Литературно-художественный альманах

Наш альманах - тоже чтиво. Его цель - объединение творческих и сомыслящих людей, готовых поделиться с читателем своими самыми сокровенными мыслями, чаяниями и убеждениями.

"Слово к читателю" Выпуск первый, 2005г.


 

 Выпуск восьмой

 Рецензии

 Я не читаю рецензий на свои книги – я измеряю их длину.

Джозеф Конрад

Наталья Елизарова

РУССКИЙ ИНТЕЛЛИГЕНТ В ПИДЖАКЕ И БЕЗ

(о книге Бориса Телкова «Жизнь одного пиджака»[1])

Говорят, чтобы полюбить писателя, надо найти точки соприкосновения с его творчеством и собственным мировоззрением. В книге нижнетагильского прозаика Бориса Телкова «Жизнь одного пиджака» было нечто такое, что я сразу поняла – её автор мой кровный брат. Всё, испытанное им – мои личные впечатления.

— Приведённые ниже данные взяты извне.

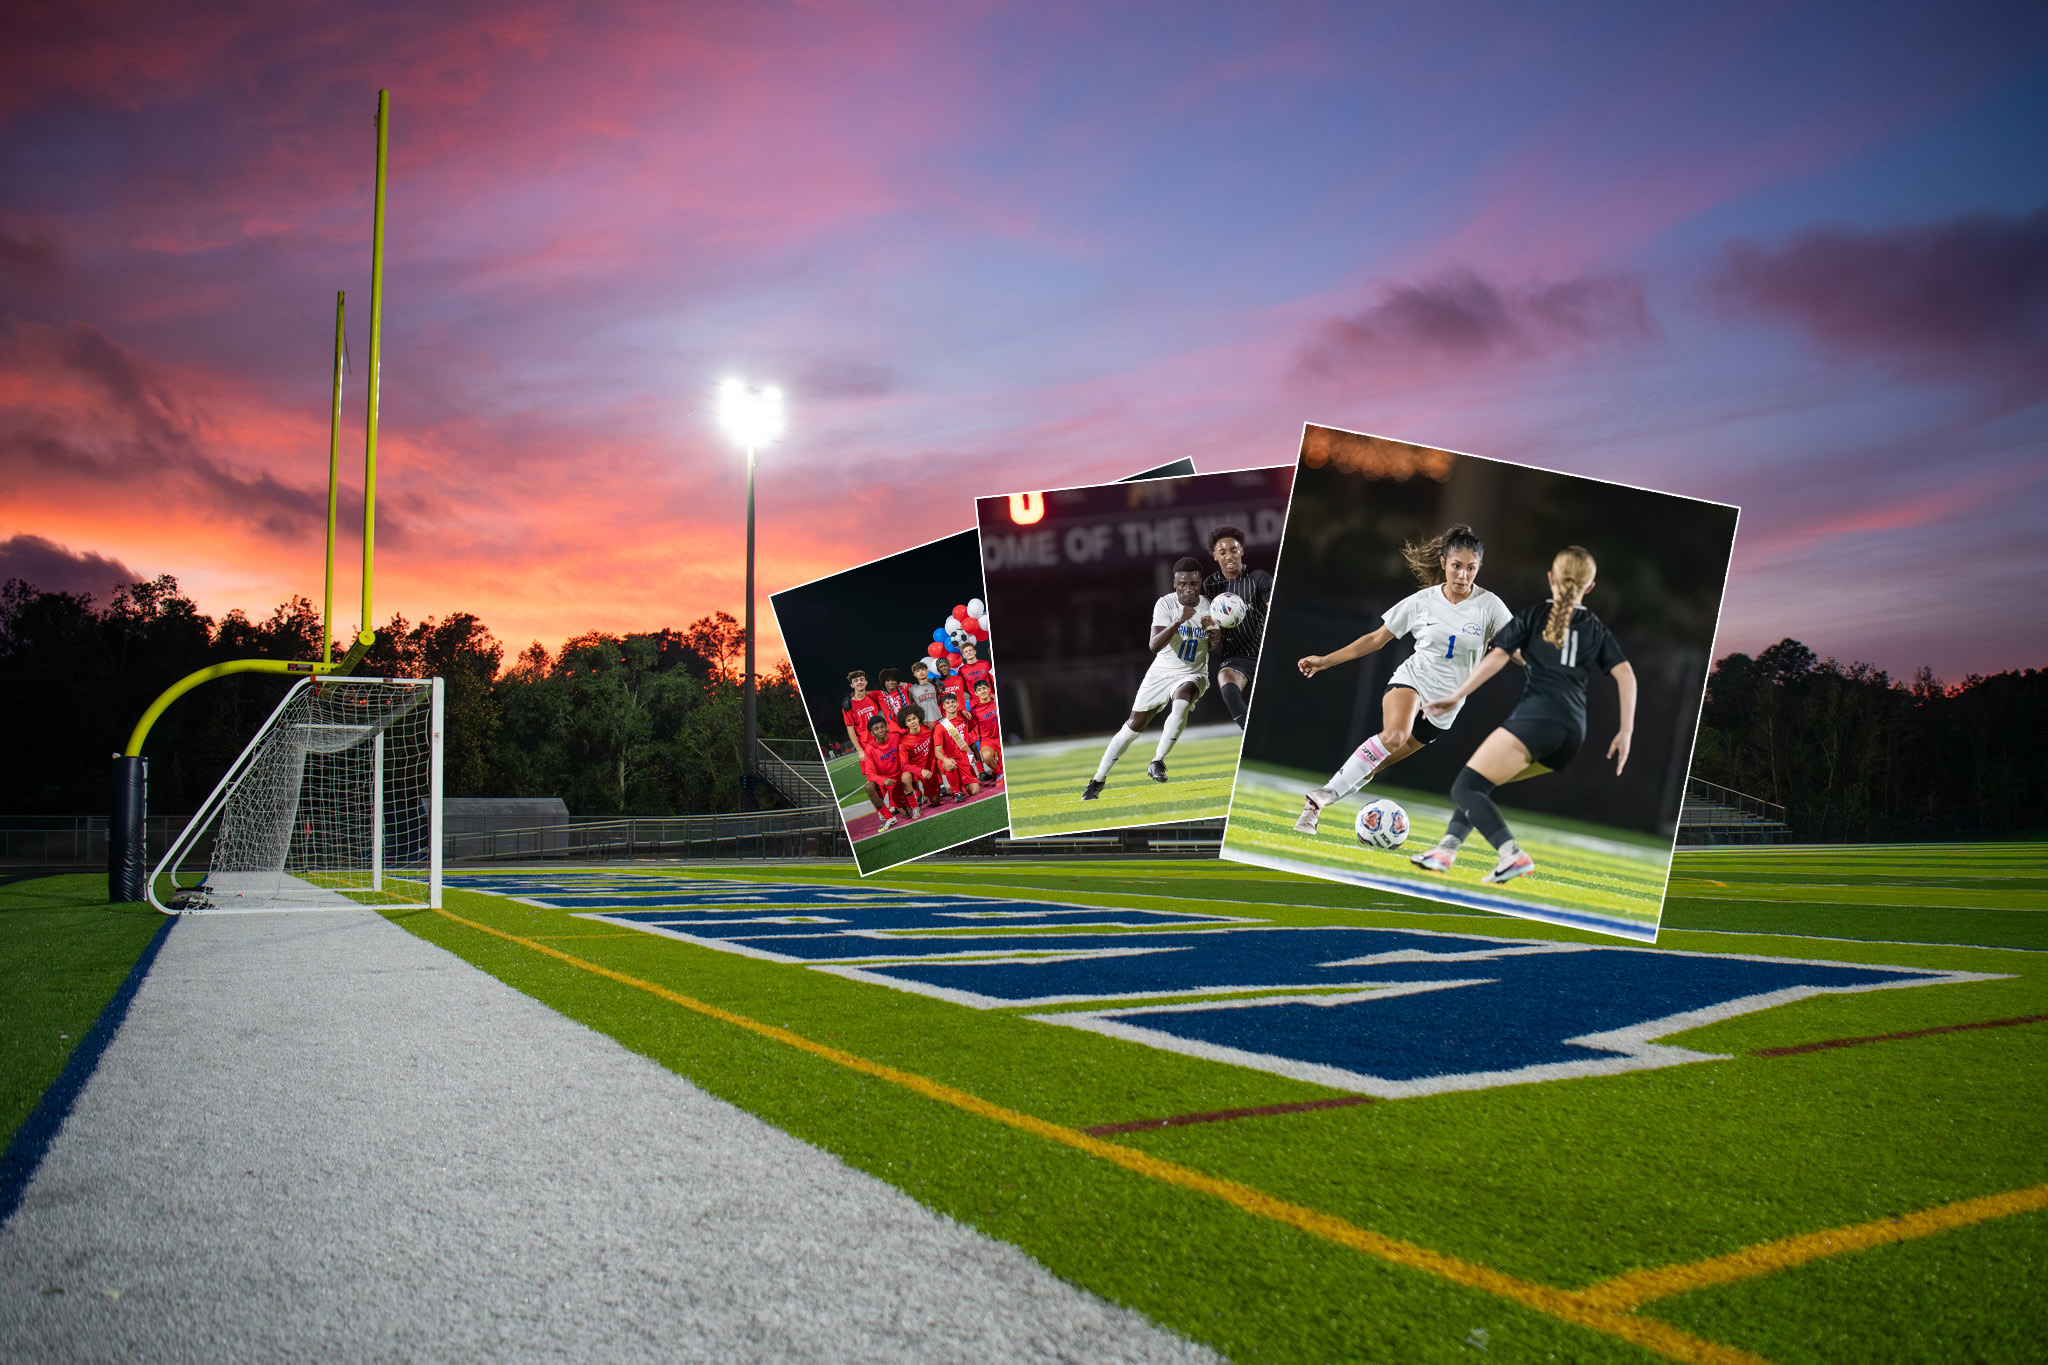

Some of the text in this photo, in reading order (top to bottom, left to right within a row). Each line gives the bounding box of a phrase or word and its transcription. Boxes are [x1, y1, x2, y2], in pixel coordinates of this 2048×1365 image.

Б. Телкову хорошо знакомы литературные «университеты» каждого начинающего автора; о них он повествует с подкупающей искренностью: «… Власти внимательно относились к писательскому труду, ибо хорошо знали, чем эта стихия обернётся, если дать ей свободу. Раз в год всех, более или менее серьёзно заявивших о себе в литературе молодых людей, собирали на безопасном расстоянии от города, на какой-нибудь захудалой базе отдыха… Этот литературный сходняк именовался помпезно – семинар молодых писателей. Все, перешагнувшие тридцатипятилетний рубеж, были уже учтены и классифицированы, как жуки на иглах. Неприятные сюрпризы вольнодумства ожидались только со стороны молодняка. Вели семинар местные литературные зубры, книгоиздатели, редактора толстых журналов. На каждый семинар выпадало несколько везунчиков, которым удавалось пробиться сквозь брюзжание маститых судей – их сочинения включались в план на издание книги. Менее счастливые попадали в газеты, журналы и “братские могилы” сборников. Были и страдальцы: после расправы они долго не могли найти дверь и только царапали крашенные стены дрожащими пальцами. Уже после окончания семинара несчастным выдавалось пособие по безработице – их хлопали по плечу, приговаривая при этом, что он не полная бездарь, не пустышка, потому как, попав сюда, уже прошёл предварительный творческий отбор. Ближе к вечеру пишущая вольница разбивалась на группы по интересам. Первая и самая малочисленная – литература, вторая – литература и вино, третья – литература, вино, любовь…»[2] В исповедальности автора нет эпатажа и бравады, к которым, зачастую, прибегают современные литераторы; в ней чувствуется горькая ирония, желание осмыслить пройденный жизненный этап, взглянуть на прошлое с расстояния прожитых лет, и ностальгия.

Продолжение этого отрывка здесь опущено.